Austin: Obviously, my opinion on this is very predictable. The notion that games aren’t art strikes me as odd because it’s so arbitrary. Art is not a thing, art is a mindset. Art is a lifestyle choice - you can be a janitor and be a brilliant artist, if you decide you want to be an artful janitor. And it’s all about how you choose to live your life. If you live your life in a way that is challenging yourself, that is excited by new discoveries, that is looking to bring something of meaning to people. It’s not a thing that I’m talking about.
Chris: It’s a mindset.
Austin: Exactly. Art is a process; it’s not a thing, so of course games are art. The Grammy nomination will only further reveal the disparity between the points of view. There is going to be some people who say that the Grammys mean nothing, because if Justin Bieber can win a stack of Grammys then that’s the metric of music as an art form? I don’t think so. I’m not knocking Justin Bieber, I’m just using him as an example. The point is that there are just as many people who see the Grammys as a big honour, as there are who see them as a load of crap. People will naturally see the Grammy as furthering their viewpoint on this subject, no matter which viewpoint they fall under. This makes me feel that it’s not even an argument, it’s not even a debate, and people aren’t going to make up their mind on that one. The thing that really bewilders me is that I don’t even understand why we’re having this debate because I don’t understand why anybody cares. Especially the people who are convinced it's not an art, I don’t understand what they get from it not being art. I don’t get what they gain from telling somebody you are not an artist, that thing you make is not an art. I don’t understand, it makes no sense to me.

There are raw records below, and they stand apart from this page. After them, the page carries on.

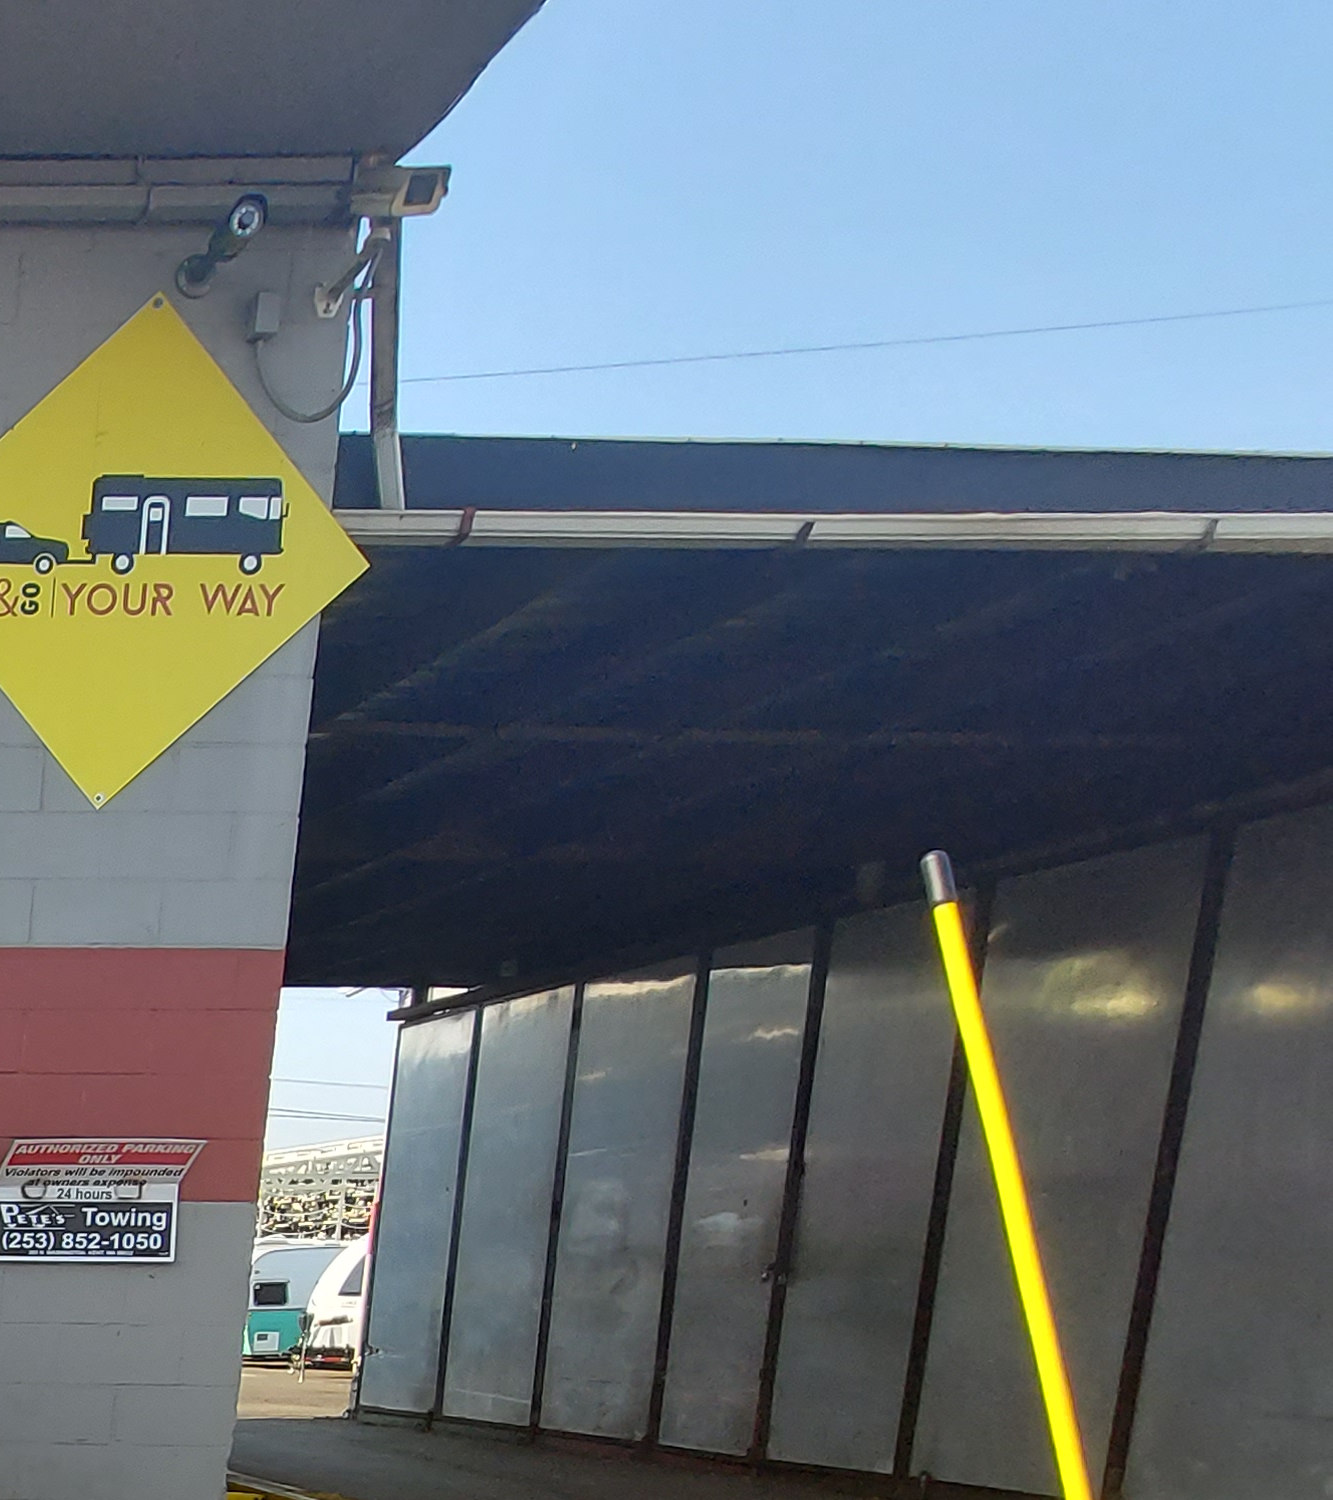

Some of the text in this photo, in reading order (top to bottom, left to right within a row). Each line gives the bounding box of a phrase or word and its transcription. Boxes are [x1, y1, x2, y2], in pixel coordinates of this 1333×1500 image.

[20, 582, 41, 615] GO
[60, 582, 174, 617] YOUR
[199, 582, 286, 617] WAY
[15, 1143, 197, 1155] AUTHORIZED PARKING
[78, 1154, 123, 1164] ONLY
[4, 1167, 185, 1179] Violators will be impounded
[56, 1187, 113, 1200] 24 hours
[81, 1207, 167, 1231] Towing
[1, 1231, 162, 1250] (253) 852-1050
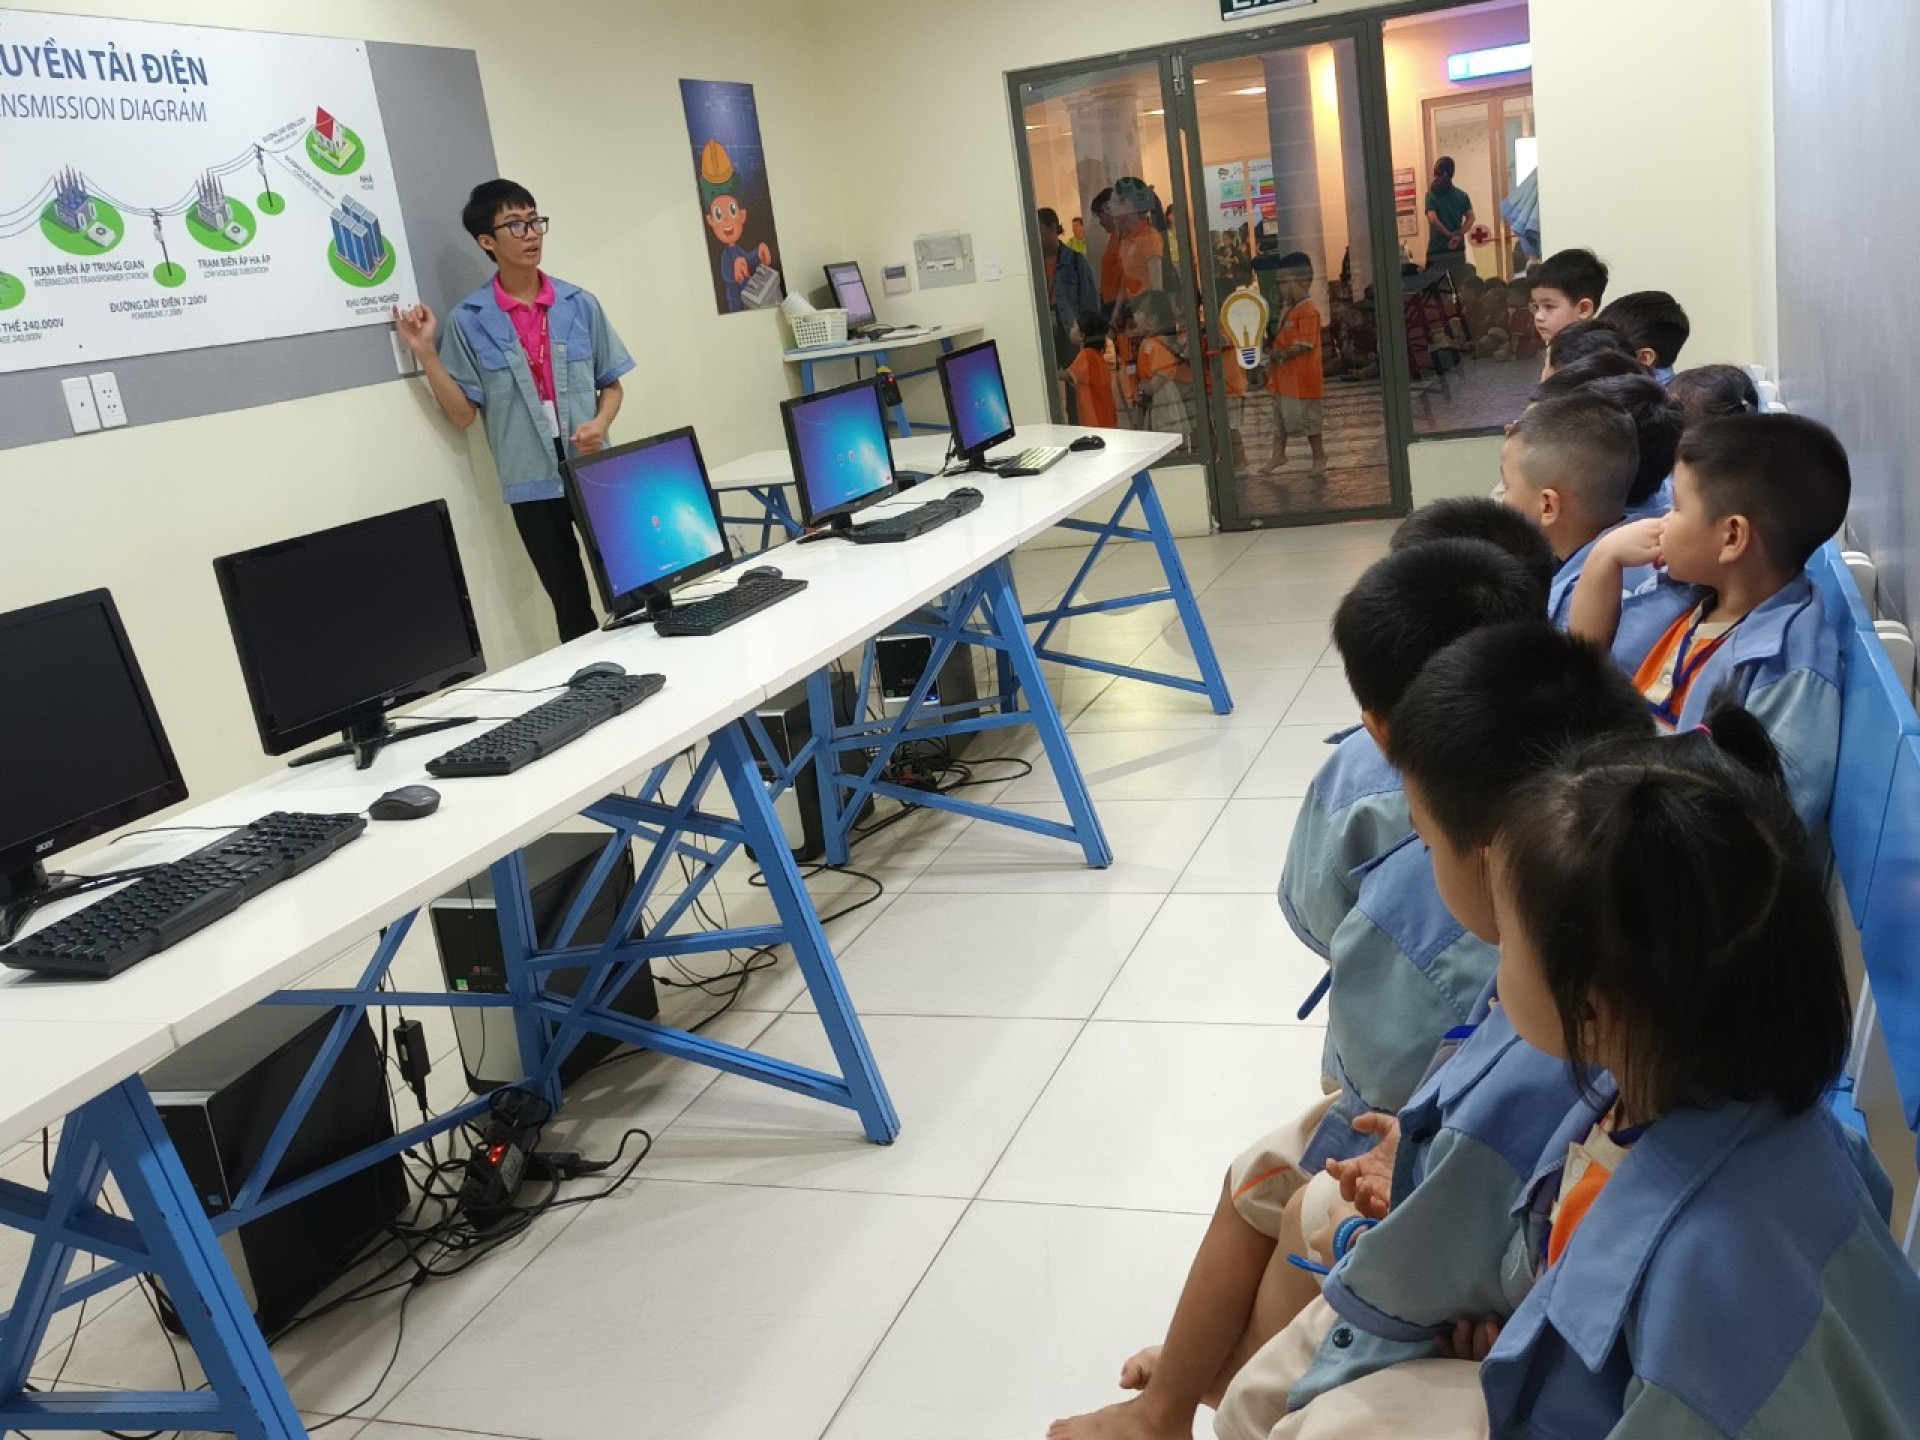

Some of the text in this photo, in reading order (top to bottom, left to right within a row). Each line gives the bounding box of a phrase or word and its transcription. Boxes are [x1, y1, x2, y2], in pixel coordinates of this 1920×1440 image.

Chris: Yeah, it doesn’t benefit them in any way.
Austin: How does that make the world a better place for them to be right? I just don’t get it, it makes no sense to me, I just think you need a hobby or something man, you’re fixated on something that doesn’t matter. Obviously I firmly believe that it’s an art form, I believe that cinema was the dominant art-form of the twentieth century, and I believe that games will be the dominant art-form of the twenty first century.
Chris: I’m going to play the devil’s advocate just for a second, because I can see why some people would argue that video games aren’t art. When you see games such as Call of Duty, and Assassins Creed for example, you know, the major franchises, it would be hard to convince someone that those have artistic qualities, largely because it’s so subjective.
Austin: That’s the thing, that’s the mindset. I see your point, but to me I have no trouble in countering. If we say that Journey is a work of art, but Assassins Creed isn’t, we’ll I’d have several responses to that. I’d ask you, what is it about Assassins Creed that doesn’t make it a work of art? It’s a big blockbuster franchise, but what makes it not a work of art? The consumption of a work of art is just as much about mindset about the creation of art. For example, no one debates that movies are works of art; everyone seems to come to the conclusion that movies are an art form.
Chris: I’d have to disagree with that. You look at movies like The Expendables for example.
Austin: That’s exactly what I was going to say, but people don’t dispute that overall movies are an art-form. They may not agree on which ones are the masterpieces, but again, it’s all about mindset. What if I went and saw The Expendables and I was horrified by its portrayal of violence and it turns me into a Buddhist monk pacifist and I had a spiritual revelation of revulsion to the movie? If I allowed it to creep into my soul and to affect me that way then has it not now become a great work of art? Art doesn’t have to be about portraying something that is aesthetically beautiful; the effect of it is beautiful. To me there are circumstances where The Expendables would be considered a great work of art. It doesn’t do any good to automatically dismiss it. So, to me, Assassins Creed isn’t by default not art, even if for me personally I’d rather play Journey, but that said, I’m thirty five hours into Assassins Creed III so for me everything stands a chance.
Chris: Would you say it’s just a case of waiting for the medium of video games to expand? When we look at movies, they’re something that expanded massively over the twentieth century, and are now considered art. Is it simply a matter of time until video games do the same?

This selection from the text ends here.